Utilizziamo i cookie per personalizzare i contenuti e analizzare il nostro traffico. Si prega di decidere se si è disposti ad accettare i cookie dal nostro sito Web.
23 nov 2016

Moto, auto e... libertà

di Luciano Caveri

Mi faceva tenerezza ieri mattina una coppia di ragazzini chiusi nei loro piumini colorati sul motorino, con lei avvinghiata a lui, in una mattinata di Novembre con la temperatura sottozero: ci sono immagini che ti riconciliano con la vita e bisogna sforzarsi di coglierle per dipingere la giornata con dei colori diversi dal rischio incombente del grigiore autunnale e di un mondo balengo. Per me la loro vista è stata come un flashback, che mi ha riportato - con uno di quei viaggi nel tempo a costo zero - agli anni Settanta quando mi capitava, giovane ginnasiale, di andare in moto, anche nella cattiva stagione, con il mio cinquantino da Verrès ad Aosta e ritorno (un'ottantina di chilometri). Idem con la "Vespa" da liceale, questa volta da Verrès ad Ivrea con qualche chilometro in meno.

Bardato ero bardato con la panacea contro il gelo fatta da vecchi giornali a coprirti la pancia sotto il maglione, utili specie nei gelidi e umidi rettilinei lungo la Dora, anche se beninteso all'epoca nessuno pensava a mettersi il casco, senza avere esatta coscienza dei rischi che correvamo. Se già la moto, con scorribande infinite che seccavano il serbatoio, dava un senso di evidente libertà contro la schiavitù del treno, del pullman e dell'autostop, il passaggio alla macchina da questo punto di vista fu da considerarsi la vera rivoluzione e l'auto lo è stata davvero, anche se ogni tanto sembriamo destinati a dimenticarcelo abbacinati dal fulgore delle nuove tecnologie. Sentivo l'altro giorno che uno dei momenti più felici della giovinezza è considerato il primo stipendio (il mio fu nell'estate del 1976 da apprendista fotografo, ma in nero avevo già lavorato a scaricare delle casse), penso però che non ci sia sensazione più forte e adrenalinica del primo mezzo di locomozione, che sancisce la raggiunta mobilità. Chissà se il misterioso Mogol si riferiva a questa possibilità di muoversi nel testo de "La collina dei ciliegi", interpretato dal grande Lucio Battisti: «... e respirando brezze che dilagano su terre senza limiti e confini ci allontaniamo e poi ci ritroviamo più vicini e più in alto e più in là se chiudi gli occhi un istante ora figli dell'immensità».

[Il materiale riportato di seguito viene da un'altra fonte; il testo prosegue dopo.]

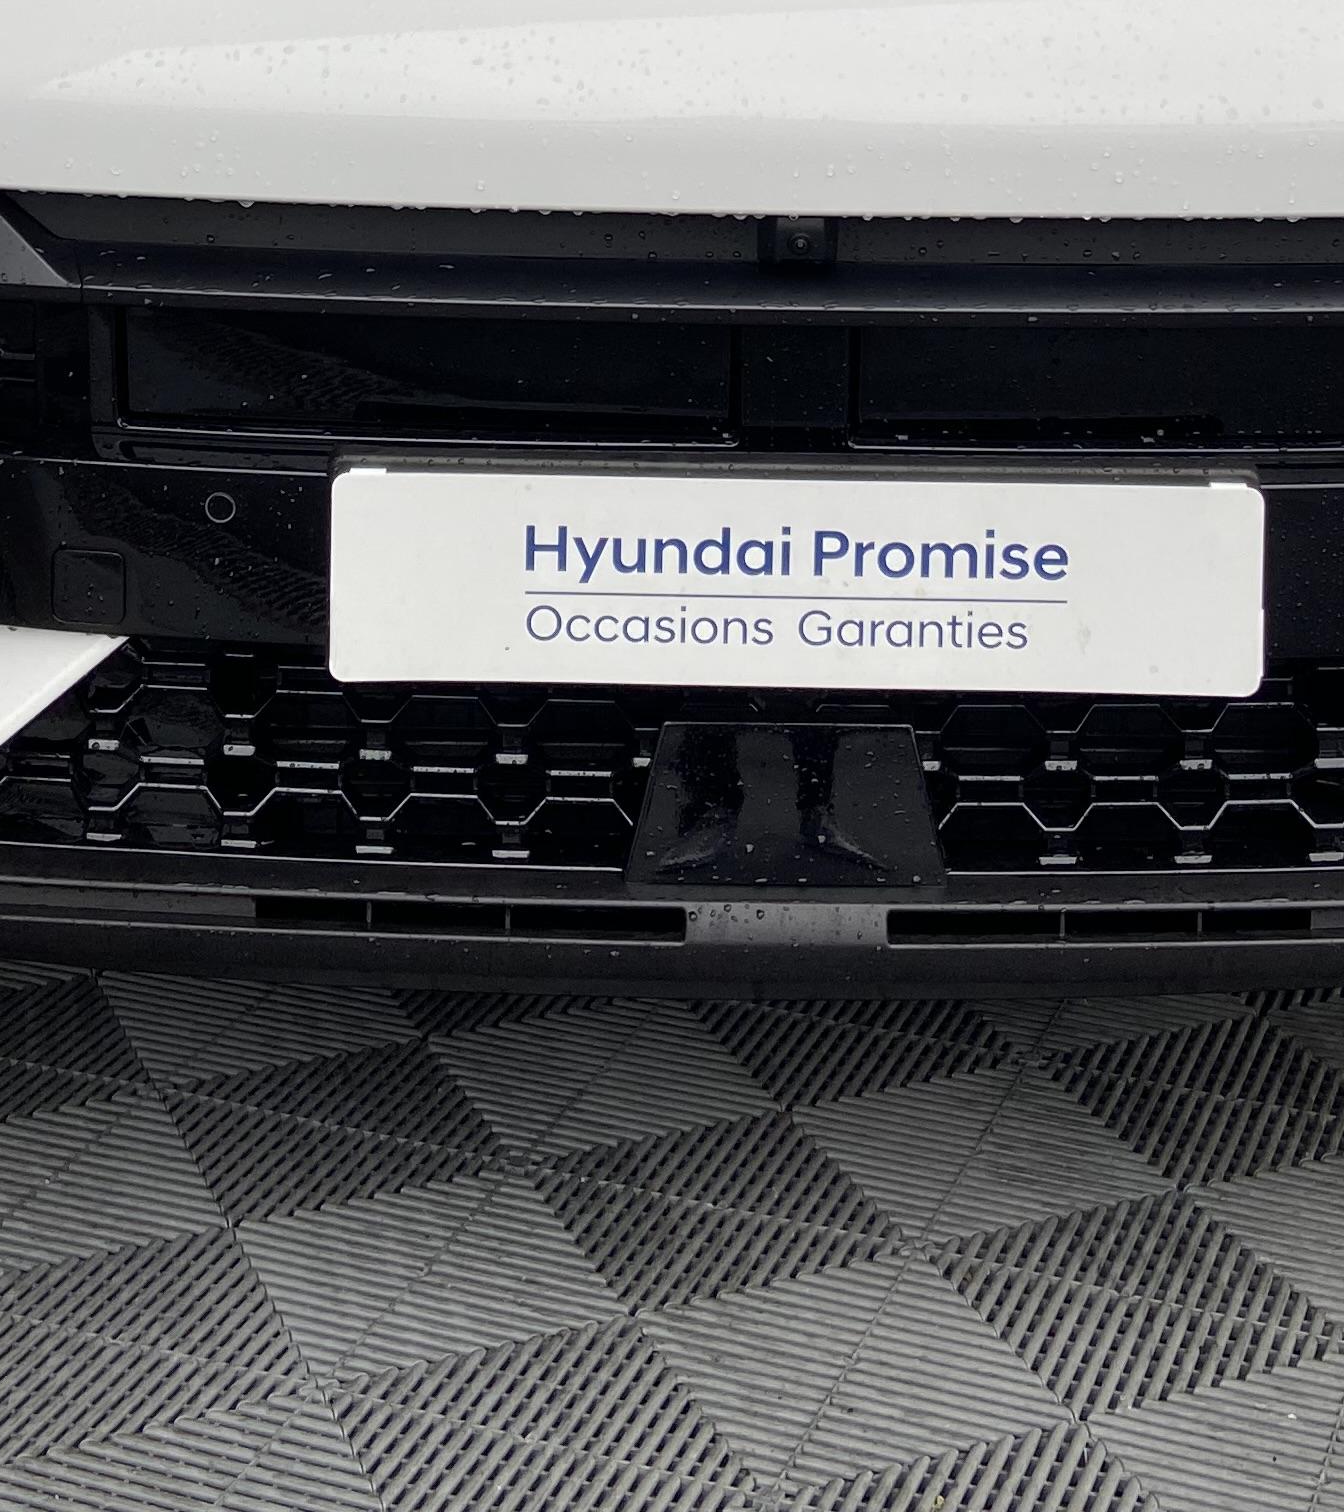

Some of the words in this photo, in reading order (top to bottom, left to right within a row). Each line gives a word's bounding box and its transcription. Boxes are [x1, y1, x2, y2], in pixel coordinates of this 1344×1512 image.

Ma forse esagero... Ancora oggi, quando mi capita di cambiare macchina, sento qualche frisson che deriva anche da quell'odore di nuovo, che credo sia ormai uno spray spruzzato apposta negli abitacoli. Eppure bisogna prendere atto di un mondo che cambia e l'ho visto con i miei figli più grandi: nessuno dei due, anche se abitano distanti dal centro, ha voluto la moto all'età canonica e quando hanno avuto la possibilità di prendere la patente della macchina hanno atteso per farlo, un po' meno Laurent (che poi con lavoro estivo si è comprato pure la moto) e di più Eugénie che non ha ancora dato la prova pratica ad oltre un anno dalla maggiore età! E' vero che trovavano modo per farsi portare avanti indietro dai genitori, specie dalla mamma ma anche da amici, ma stupisce davvero questa mancanza di un afflato di libertà, come noi consideravamo l'ottenimento di un mezzo di locomozione a motore. D'altra parte ogni generazione ha le sue caratteristiche e stupirsene non serve a nulla. La mia generazione ha assistito al motorizzarsi, cioè alla diffusione popolare prima delle moto (mio papà veterinario cominciò la professione con una "Lambretta") e poi delle auto (nel caso della nostra famiglia fu una "Topolino") con una evidente escalation nelle misure. Se penso che nella casa dei miei genitori nel garage che sembrava più grande - che ospitò una serie di "Giulia Super", considerata la macchina per le grandi occasioni - oggi non entrerebbe più neanche una macchina di piccola cilindrata, come dimostrano anche i centri storici dei paesi - compresa la via De Tillier di Aosta - dove una volta transitavano auto in entrambe le direzioni. Per cui l'ottenimento di un mezzo con cui circolare era l'aria dei tempi e crescevamo già con questa impronta, che evidentemente nel tempo si è attenuata nel mutare dei costumi e dei comportamenti. Basta guardare i migranti che arrivano da noi, che - mutatis mutandis - quando riescono a ottenere una bicicletta con cui aggirarsi sono contenti come delle pasque, a dimostrazione di quanto ho scritto fino adesso.